Enclosure, Carrowreagh, Co. Mayo
Co. Mayo |
Enclosures
At Carrowreagh in County Mayo, a circular enclosure roughly 25 to 30 metres across has been slowly disappearing into the farm that grew up around it.
What was once a complete ring, of the kind that dots the Irish countryside in various forms, from early medieval ringforts to prehistoric enclosures, now survives only as a gentle undulation in the ground, curving south-west along a natural contour of the land. The eastern half is gone entirely, absorbed into the structures of an adjacent farmyard.

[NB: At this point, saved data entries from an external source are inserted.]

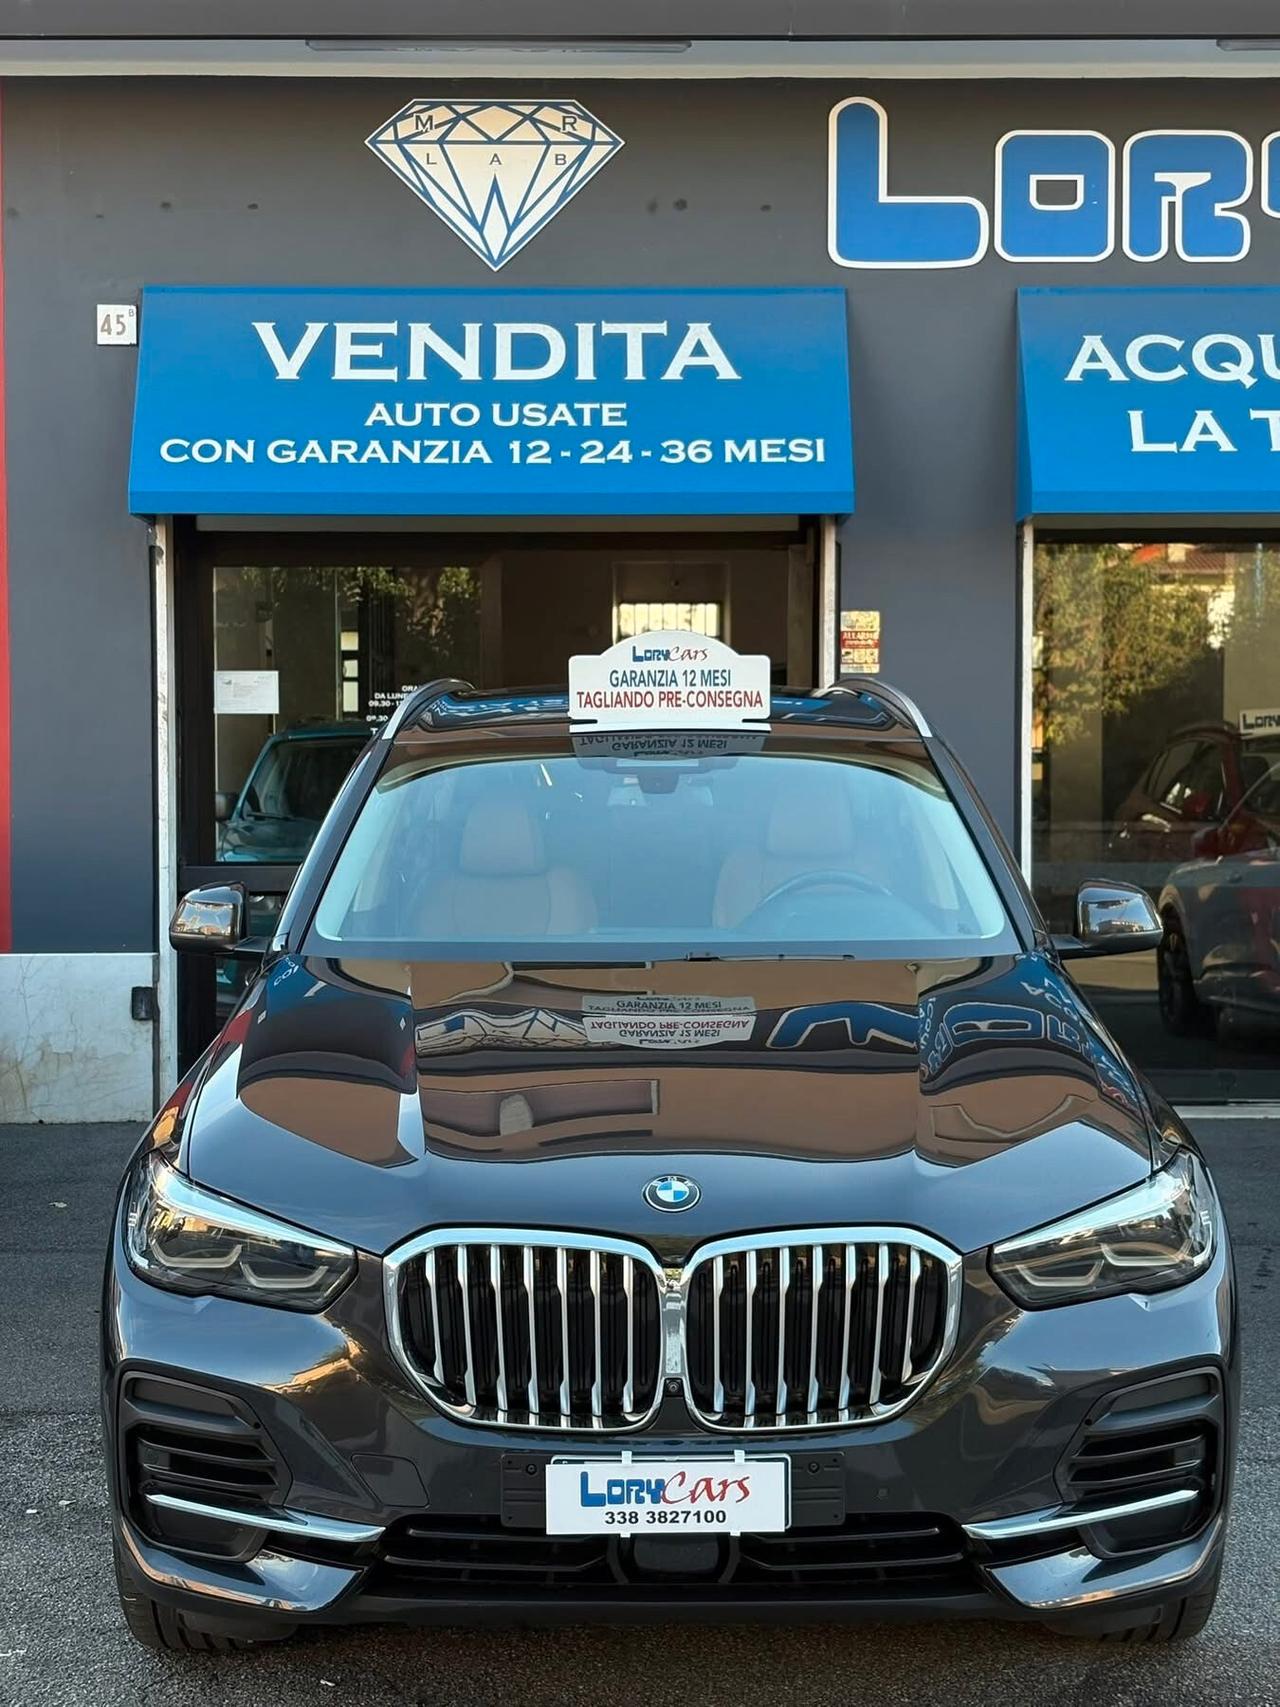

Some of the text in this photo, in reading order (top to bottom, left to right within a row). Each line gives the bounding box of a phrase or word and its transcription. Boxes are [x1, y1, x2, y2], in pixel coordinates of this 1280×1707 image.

[415, 115, 578, 132] M R
[251, 320, 742, 382] VENDITA
[364, 402, 628, 427] AUTO USATE
[1127, 408, 1238, 454] LA
[159, 438, 256, 464] CON
[266, 439, 493, 464] GARANZIA
[508, 440, 553, 464] 12
[580, 440, 634, 465] 24
[659, 439, 714, 464] 36
[724, 438, 827, 464] MESI
[609, 669, 732, 688] GARANZIA 12 MESI
[577, 691, 654, 709] TAGLIANDO
[658, 690, 764, 708] PRE-CONSEGNA
[604, 1510, 727, 1525] 338 3827100
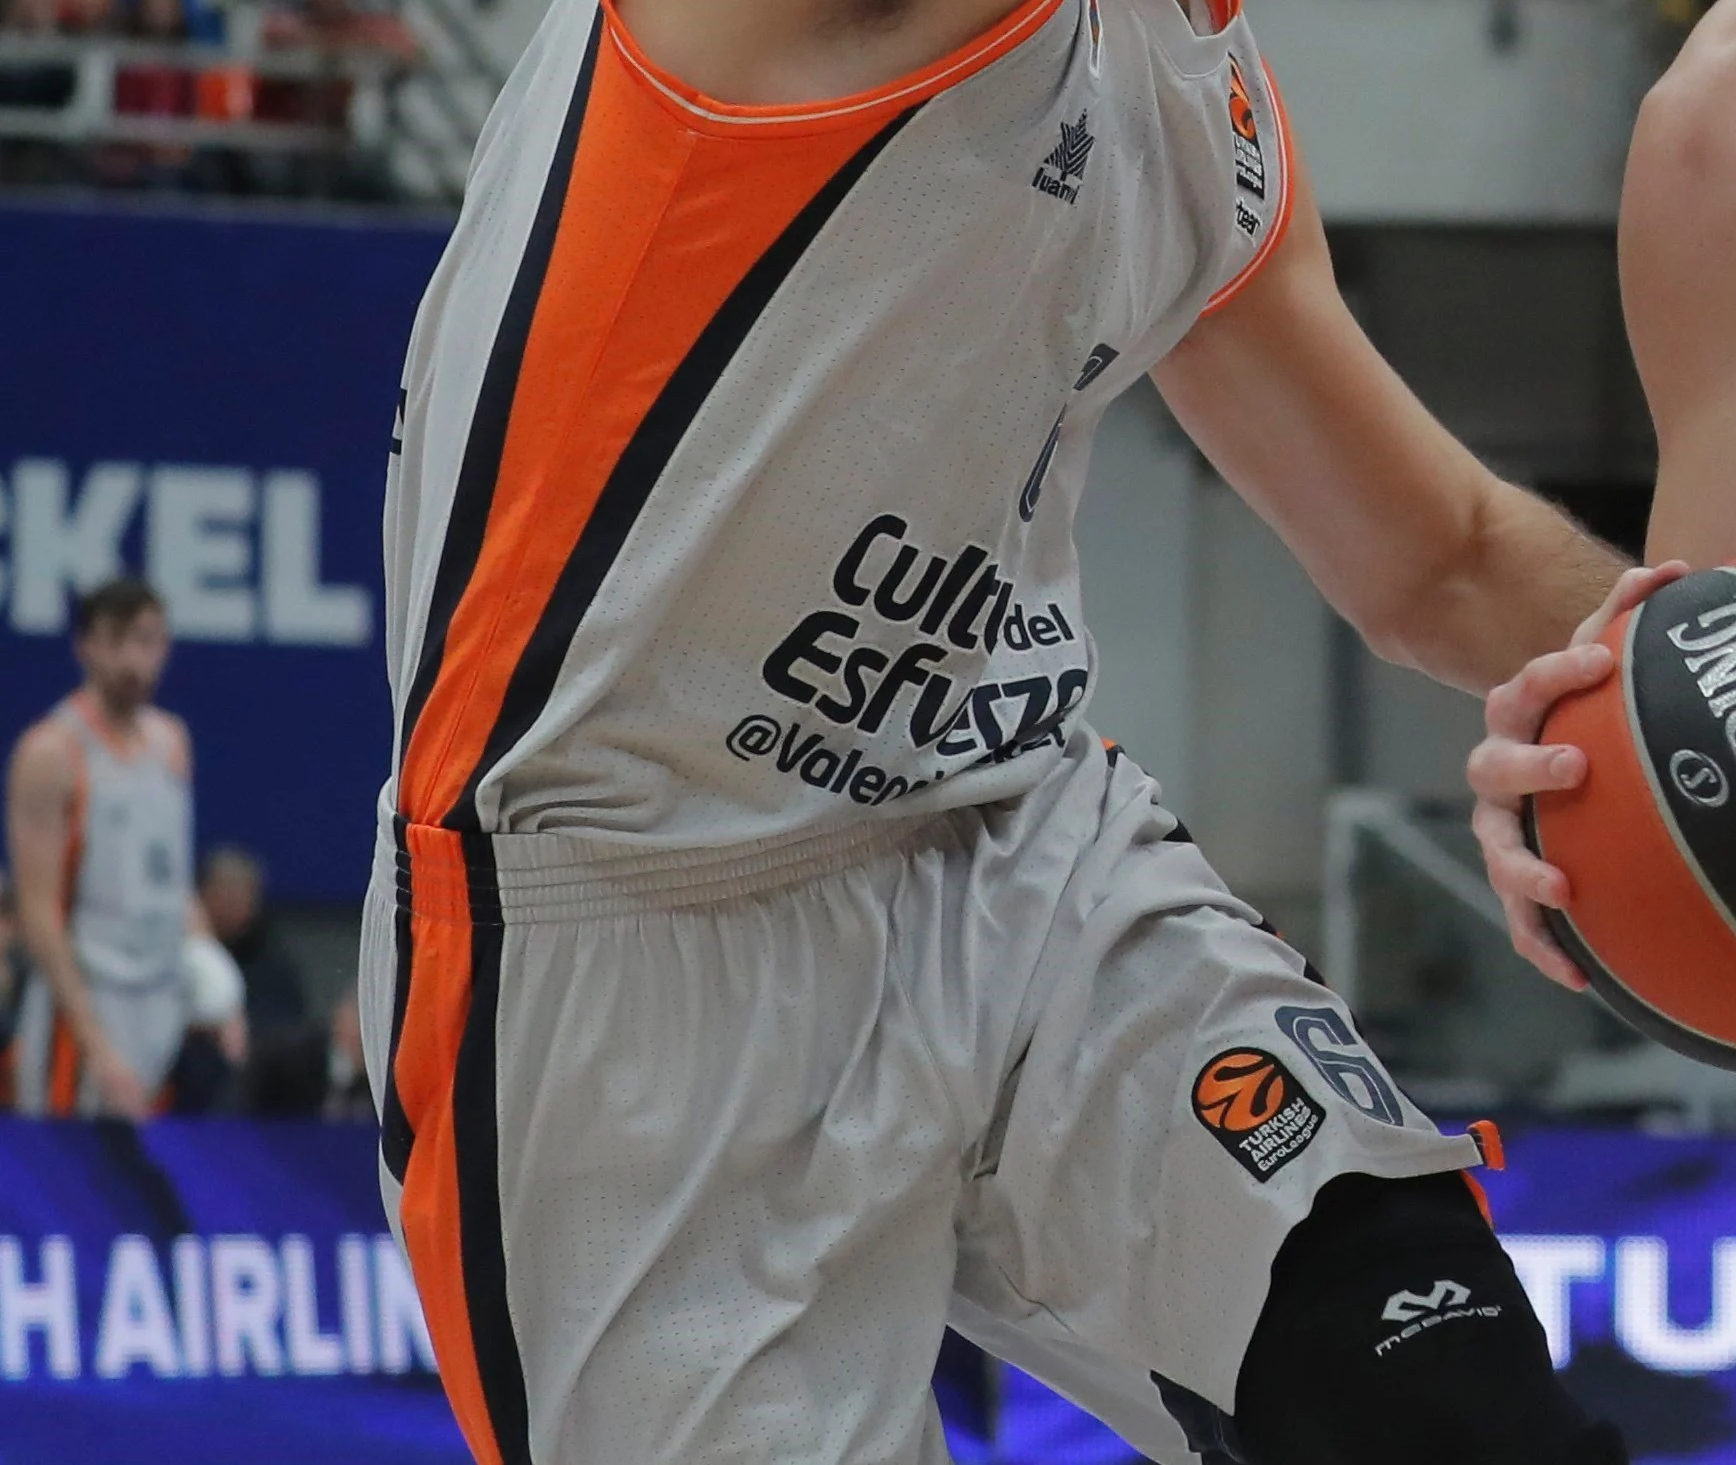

The enclosure appears clearly on the Ordnance Survey six-inch map of 1838, with two buildings already abutting it to the east. By the time the 1916 edition was produced, cartographers could record only a south-to-northwest curve where a boundary wall ran beside the farmstead. The map, in other words, captures the enclosure mid-erasure, already reduced from a legible circle to a fragment of a line. What remains on the ground today is a slight semicircular rise on the western arc, where the old boundary coincides with a natural slope and so was spared the levelling that claimed the rest. The farmyard that consumed it was not doing anything unusual; across Ireland, ancient enclosures have long served as convenient boundaries, quarry sources, or simply obstacles to cleared. This one happened to leave just enough of itself behind to be recorded.